Part IV — Deep Learning

§ 12 RNN / LSTM / GRU & Pre-Transformer Sequence Models

Vanilla RNN and backpropagation through time, LSTM gating to solve vanishing gradients, GRU as a simpler alternative, seq2seq encoder-decoder with Bahdanau and Luong attention — and why transformers eventually replaced all of them at scale.

1. Overview

Before the transformer, recurrent architectures were the dominant paradigm for sequence data. An RNN maintains a hidden state that is updated at every time step, giving it theoretically unlimited context. In practice, vanilla RNNs suffer from vanishing gradients that prevent learning long-range dependencies. LSTM (1997) and GRU (2014) solved this with gating mechanisms that create a controlled gradient highway through time.

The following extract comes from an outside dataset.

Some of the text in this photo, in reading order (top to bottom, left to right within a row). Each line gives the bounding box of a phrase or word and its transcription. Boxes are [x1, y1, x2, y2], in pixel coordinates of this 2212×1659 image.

By 2017, seq2seq models with attention (encoder-decoder architectures) achieved state-of-the-art machine translation — and that attention mechanism directly inspired the transformer's self-attention.

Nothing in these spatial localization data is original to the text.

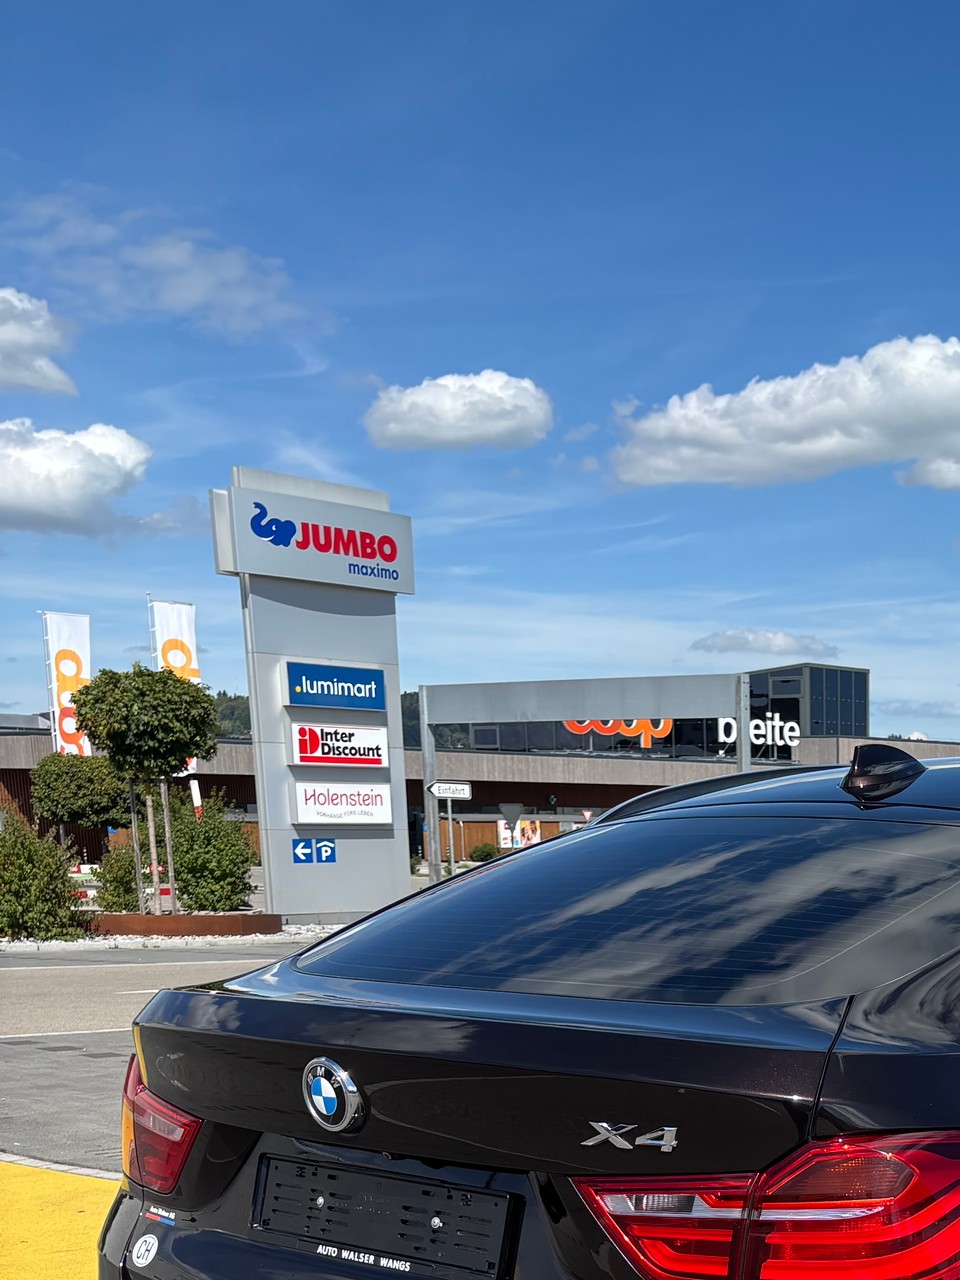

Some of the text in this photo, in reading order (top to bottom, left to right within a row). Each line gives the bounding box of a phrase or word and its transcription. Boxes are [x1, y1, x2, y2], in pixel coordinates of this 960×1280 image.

[295, 522, 398, 563] JUMBO
[348, 563, 399, 581] maximo
[320, 728, 355, 743] Inter
[718, 711, 801, 747] beite
[320, 742, 382, 758] Discount
[304, 788, 384, 807] Holenstein
[437, 785, 466, 796] Einfahrt
[307, 1066, 341, 1089] BMW
[580, 1121, 678, 1152] X4
[136, 1239, 155, 1261] CH
[316, 1244, 411, 1272] AUTO WALSER WANGS
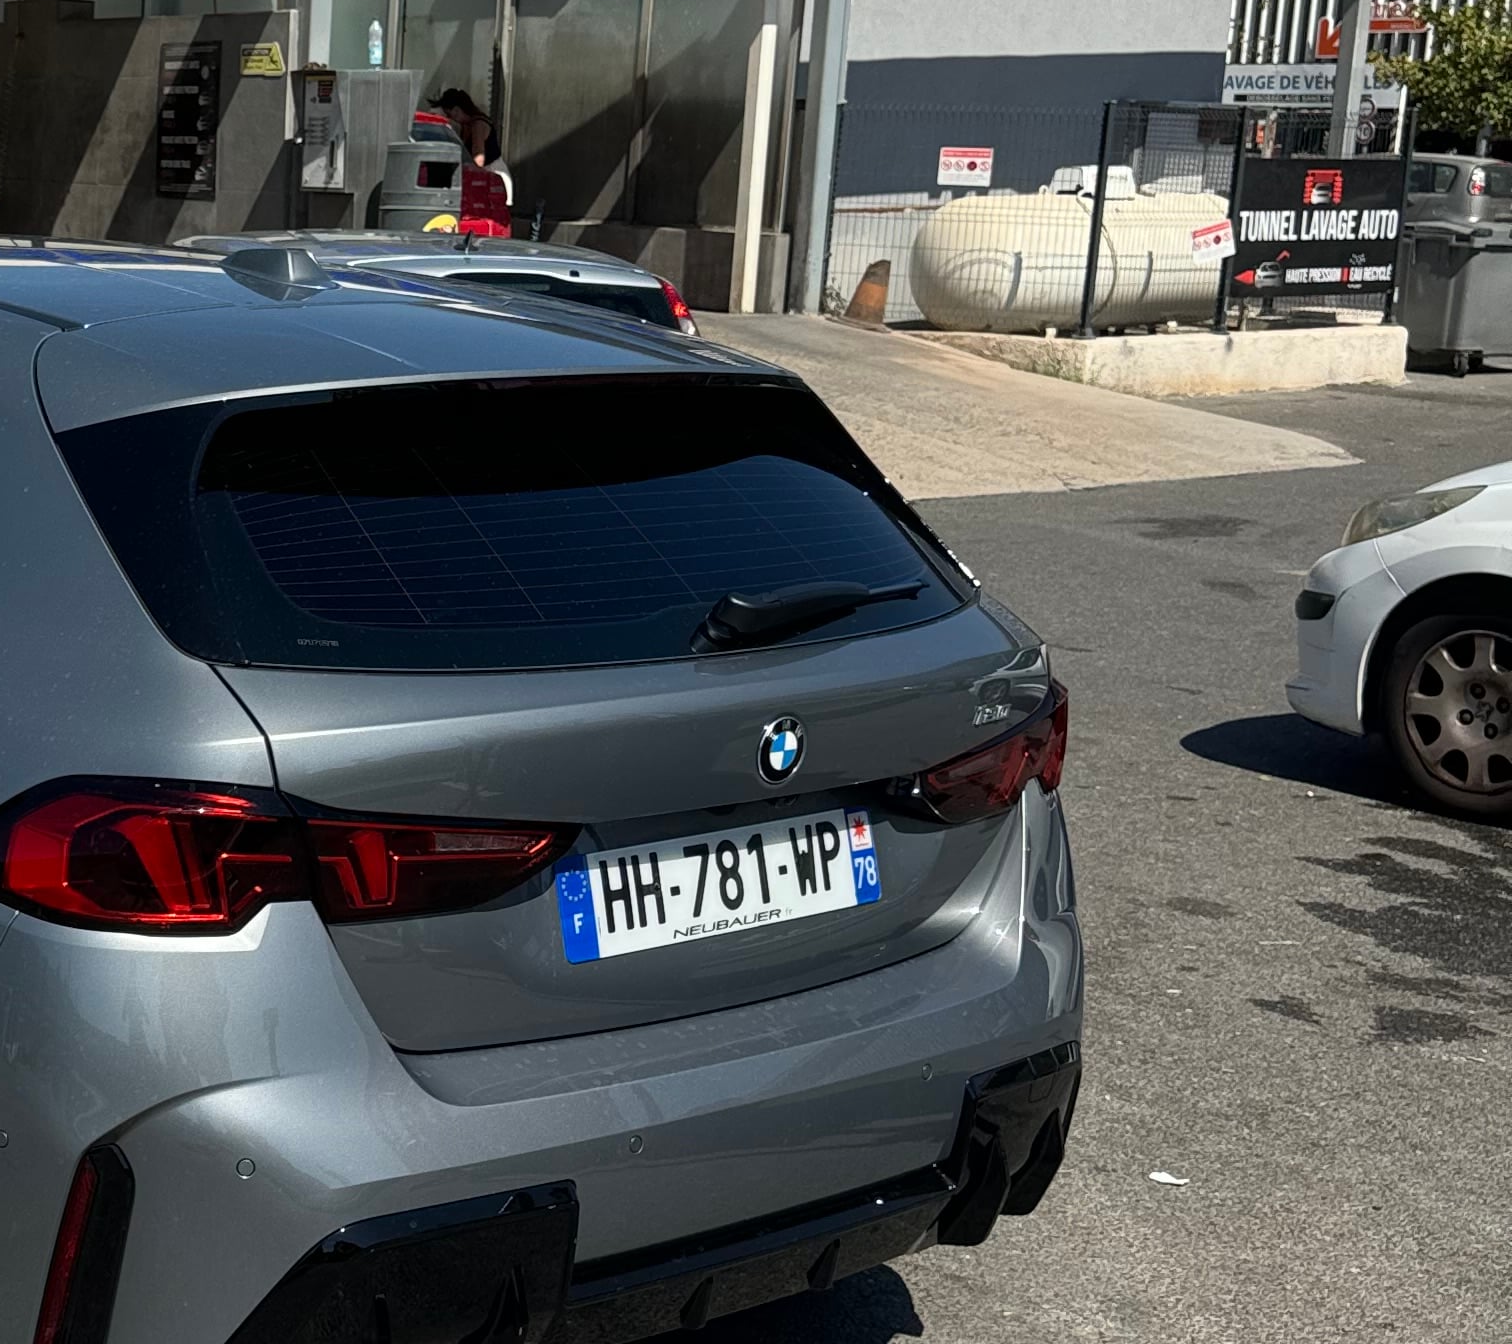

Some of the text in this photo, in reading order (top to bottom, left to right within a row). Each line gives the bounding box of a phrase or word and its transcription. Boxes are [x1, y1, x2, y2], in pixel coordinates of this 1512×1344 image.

[1224, 75, 1275, 90] AVAGE
[1279, 75, 1301, 90] DE
[1240, 210, 1298, 242] TUNNEL
[1300, 210, 1358, 241] LAVAGE
[1358, 209, 1399, 241] AUTO
[1285, 268, 1308, 283] HAUTE
[1308, 267, 1341, 283] PRESSION
[1349, 267, 1362, 282] EAU
[598, 821, 840, 934] HH-781-WP
[854, 855, 877, 889] 78
[573, 913, 584, 934] F
[673, 908, 781, 939] NEUBAUER

2. Vanilla RNN & Backpropagation Through Time

The vanilla RNN update equation at time step t:

h_t = tanh(W_h · h_{t-1} + W_x · x_t + b)     # shared W_h, W_x across all t
y_t = W_y · h_t + b_y                          # output at step t (optional)

Parameters:  W_h ∈ R[d_h × d_h],  W_x ∈ R[d_h × d_in],  b ∈ R[d_h]
All time steps share the same W_h and W_x — that is what makes it recurrent.

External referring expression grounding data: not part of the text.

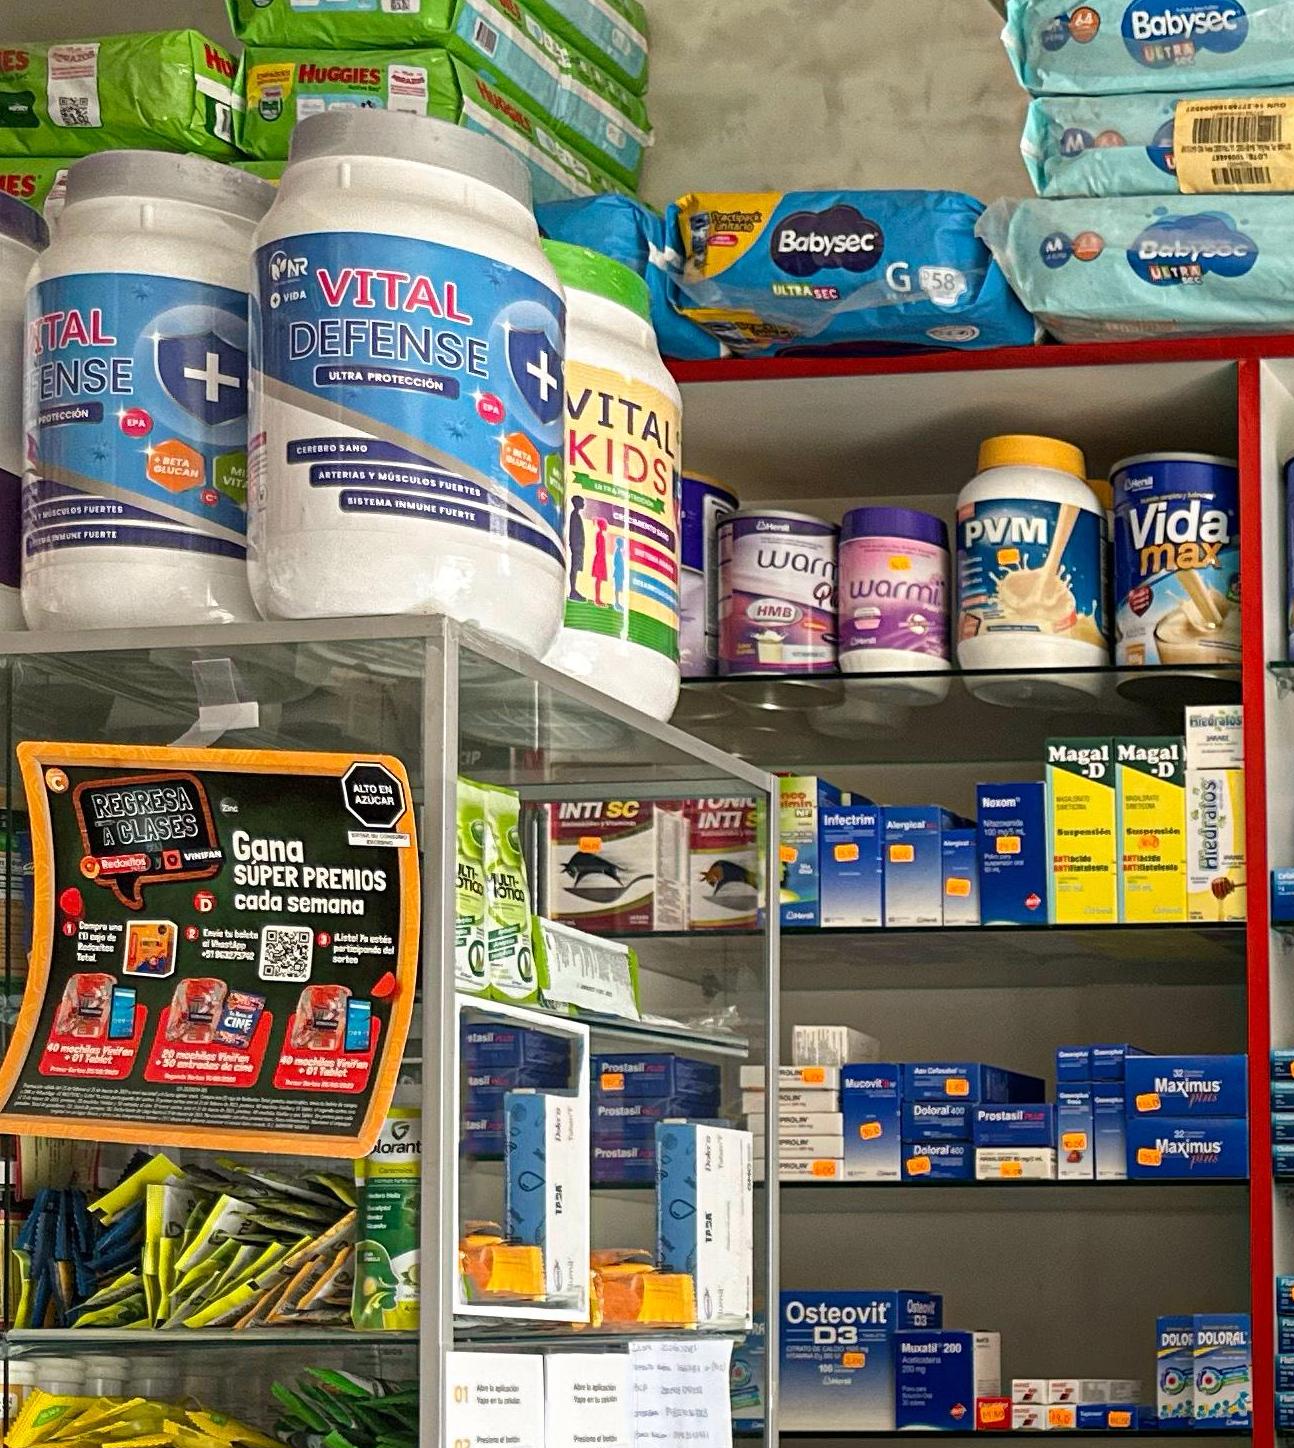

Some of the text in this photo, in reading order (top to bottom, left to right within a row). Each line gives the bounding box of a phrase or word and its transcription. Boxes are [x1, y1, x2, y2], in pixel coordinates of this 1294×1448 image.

[1131, 6, 1239, 42] Babysec
[298, 64, 381, 87] HUGGIES
[777, 226, 878, 257] Babysec
[283, 289, 308, 302] VIDA
[317, 266, 472, 325] VITAL
[289, 319, 489, 379] DEFENSE
[328, 369, 445, 392] ULTRA PROTECCIÓN
[296, 442, 369, 456] CEREBRO SANO
[566, 435, 672, 495] KIDS
[317, 469, 364, 483] ARTERIAS
[377, 472, 436, 490] MÚSCULOS
[438, 480, 482, 498] FUERTES
[964, 516, 1048, 549] PVM
[1130, 500, 1231, 550] Vida
[1140, 540, 1222, 577] max
[756, 604, 793, 620] HMB
[1047, 745, 1109, 764] Magal
[1081, 762, 1107, 780] -D
[352, 783, 394, 796] ALTO EN
[354, 793, 396, 807] AZÚCAR
[91, 787, 194, 820] REGRESA
[102, 814, 199, 846] A CLASES
[823, 813, 876, 828] Infectrim
[231, 829, 304, 865] Gana
[233, 861, 388, 893] SÚPER PREMIOS
[233, 892, 366, 917] cada semana
[1154, 1076, 1221, 1099] Maximus
[785, 1301, 888, 1327] Osteovit
[813, 1326, 858, 1344] D3
[1197, 1331, 1246, 1346] DOLORAL

Training uses backpropagation through time (BPTT): unroll the RNN for T steps, then run standard backprop on the resulting computation graph. The gradient of the loss with respect to h_1 requires multiplying T Jacobian matrices of the tanh together:

∂L/∂h_1 = ∂L/∂h_T · (∏_{t=2}^{T} ∂h_t/∂h_{t-1})
         = ∂L/∂h_T · (∏_{t=2}^{T}  diag(1 - tanh²(z_t)) · W_h )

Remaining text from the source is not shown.